ScienceQA icon indicating copy to clipboard operation
ScienceQA copied to clipboard

Confused QA about grey heron (Ardea cinerea)

Open palimondo opened this issue 2 years ago • 2 comments

Hi,

I have been browsing through the dataset and I have been baffled by the following QA:

Question

Select the organism in the same species as the gray heron.

Context

This organism is a gray heron. Its scientific name is Ardea cinerea.

Choices

  • Ardea cinerea
  • Hyla cinerea
  • Lonicera japonica

Answer

Ardea cinerea


What reasoning pattern can be learned from an example that contains the verbatim answer in the context description?!

When reading the lesson and the explanation for the QA, I think the point was to explains the rules of scientific classification on a level of genus and species.

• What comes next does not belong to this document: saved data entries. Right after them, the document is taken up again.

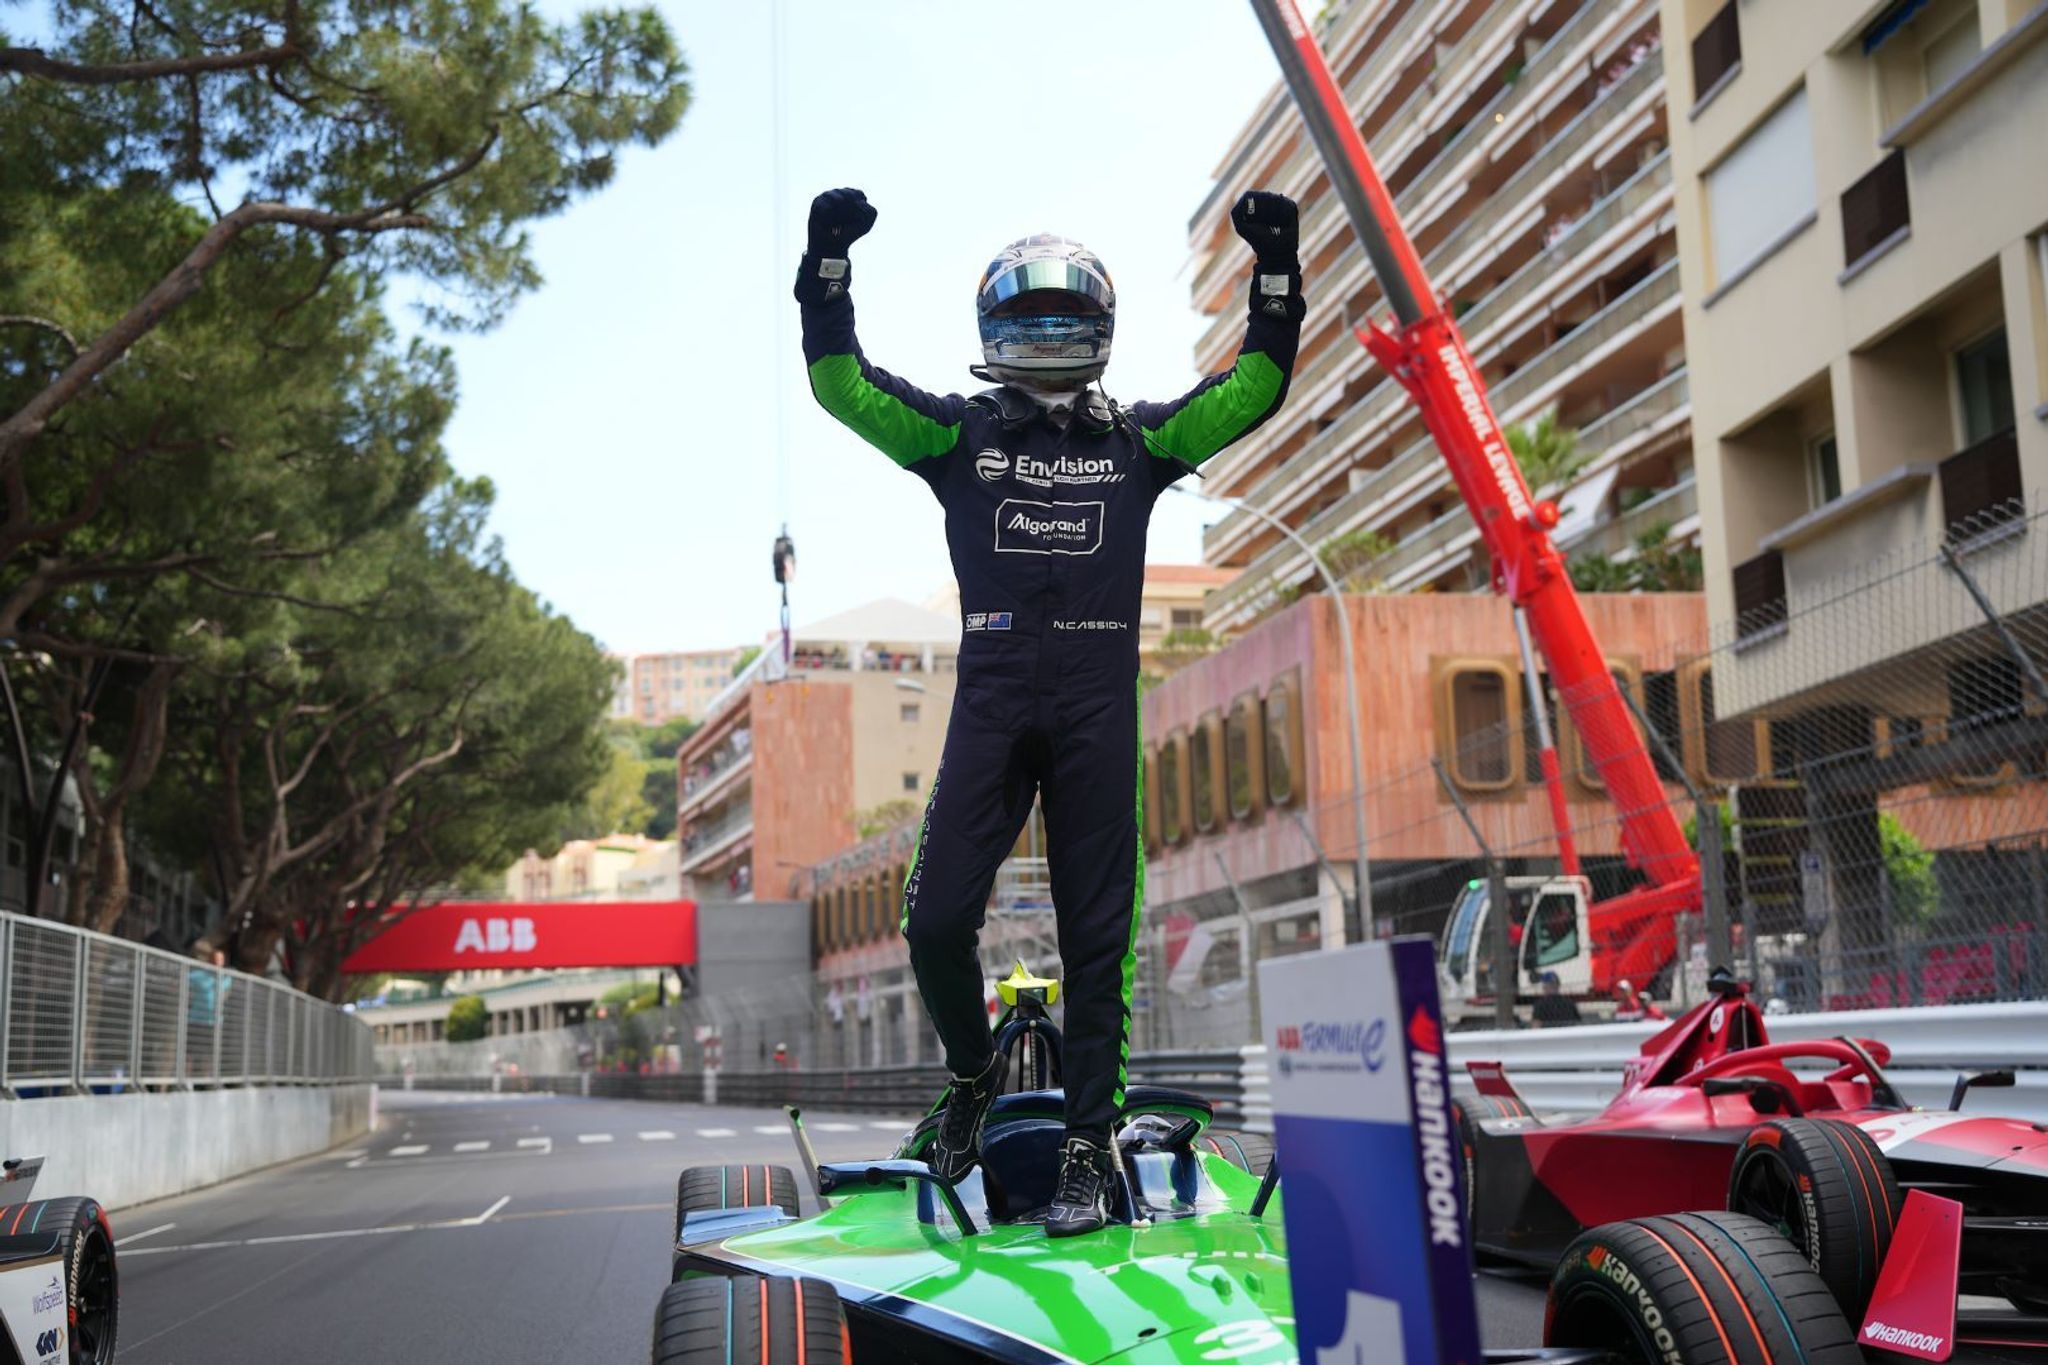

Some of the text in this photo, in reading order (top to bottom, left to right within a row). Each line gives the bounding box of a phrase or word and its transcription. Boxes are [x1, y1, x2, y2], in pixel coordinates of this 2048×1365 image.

[1015, 455, 1114, 478] Envision
[1483, 441, 1531, 521] LEVAGE
[1007, 512, 1086, 535] Algorand
[966, 616, 987, 629] OMP
[454, 917, 538, 954] ABB
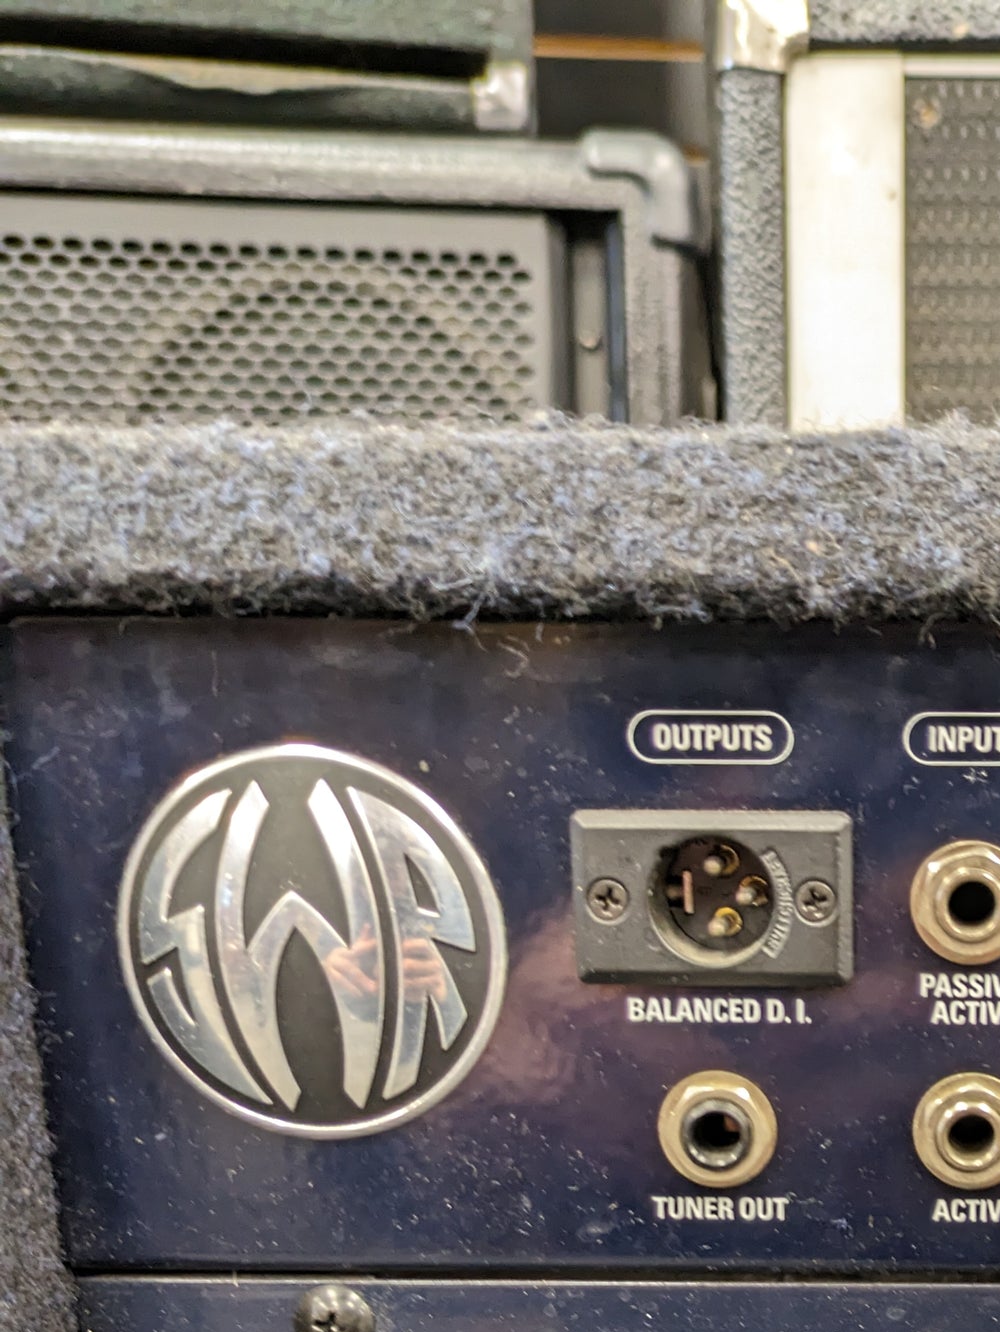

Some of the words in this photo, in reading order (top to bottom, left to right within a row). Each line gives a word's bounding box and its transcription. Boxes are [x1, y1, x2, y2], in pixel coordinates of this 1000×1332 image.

[653, 724, 772, 751] OUTPUTS
[140, 778, 475, 1112] SWR
[627, 997, 761, 1022] BALANCED
[651, 1196, 734, 1220] TUNER
[739, 1197, 789, 1220] OUT
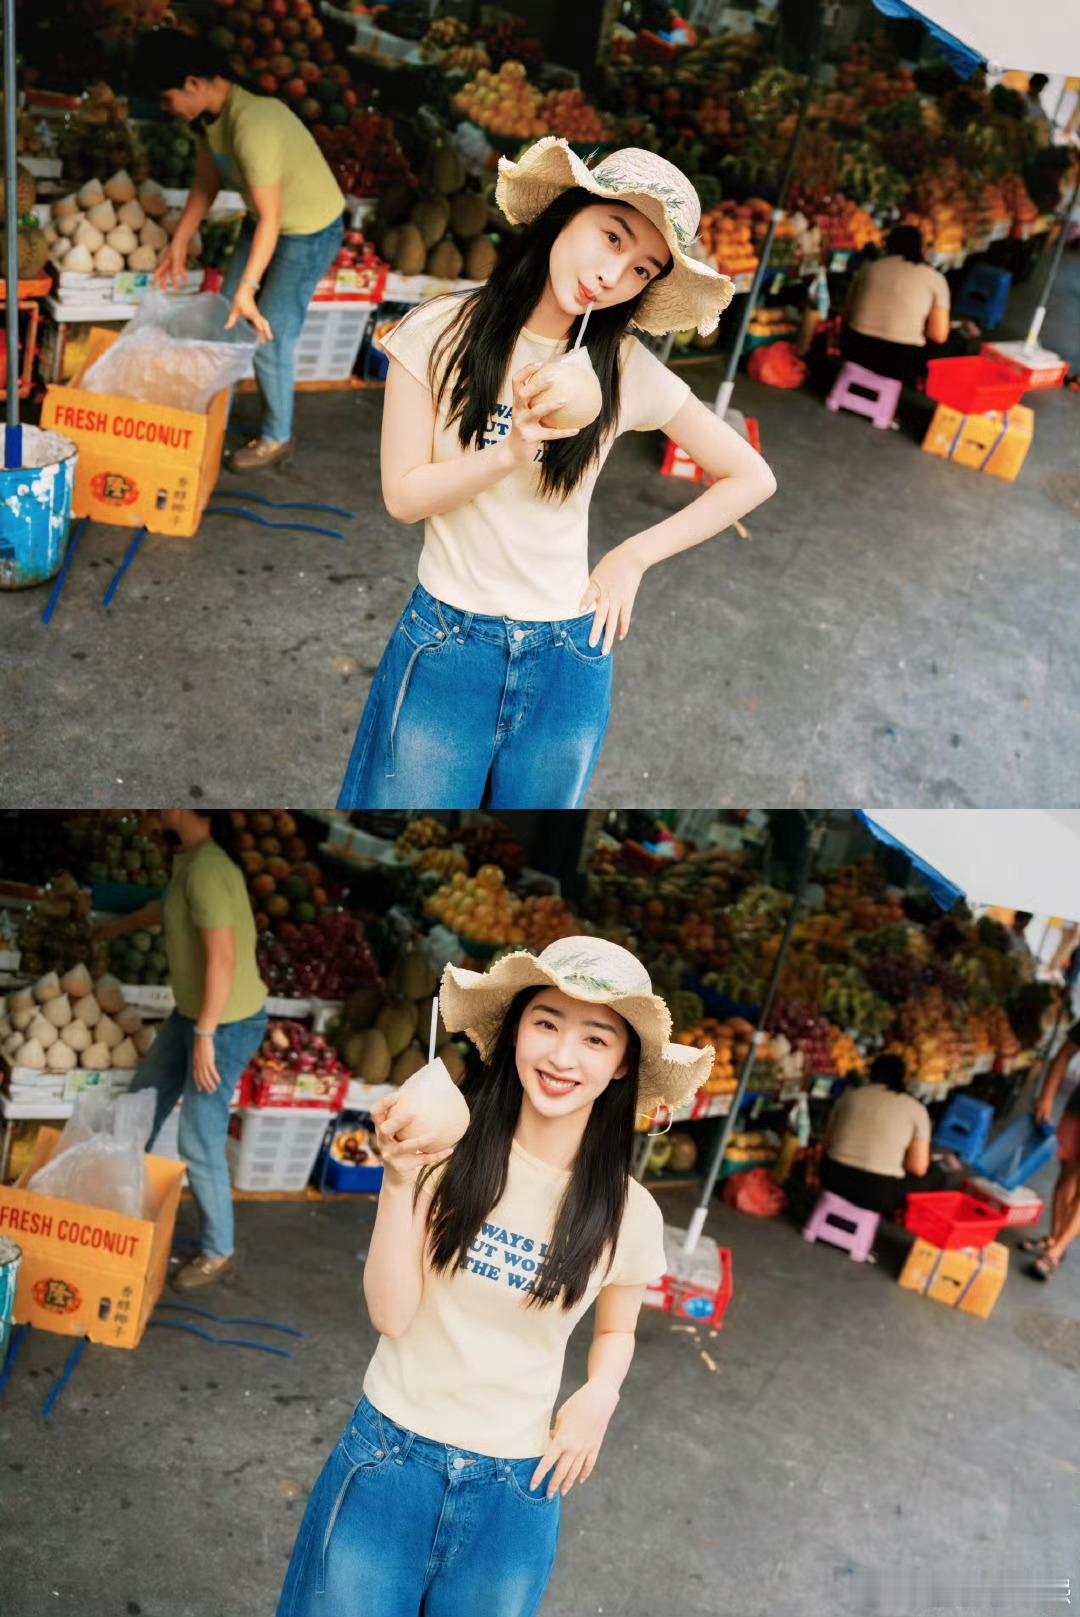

It think the question, choices and answer should be changed as follows to make sense:

Question

Select the organism in the same genus as the gray heron.

Context

This organism is a gray heron. Its scientific name is Ardea cinerea.

Choices

  • Ardea herodias
  • Hyla cinerea
  • Lonicera japonica

Answer

Ardea herodias

palimondo avatar Jan 21 '24 07:01 palimondo

I think the question originates from the exercises on this IXL page: https://www.ixl.com/science/grade-8/use-scientific-names-to-classify-organisms In the original context both the question and answer contain two different images of the same species, but ScienceQA does not include the images associated with the answers in this question. Having both images might be useful for training multimodal LLM, by providing 2 images with the same label, which isn't the focus of your dataset. Given that even the original page is using the full latin name in both question and answer, it short-circuits the need for reasoning and teaches no valuable pattern.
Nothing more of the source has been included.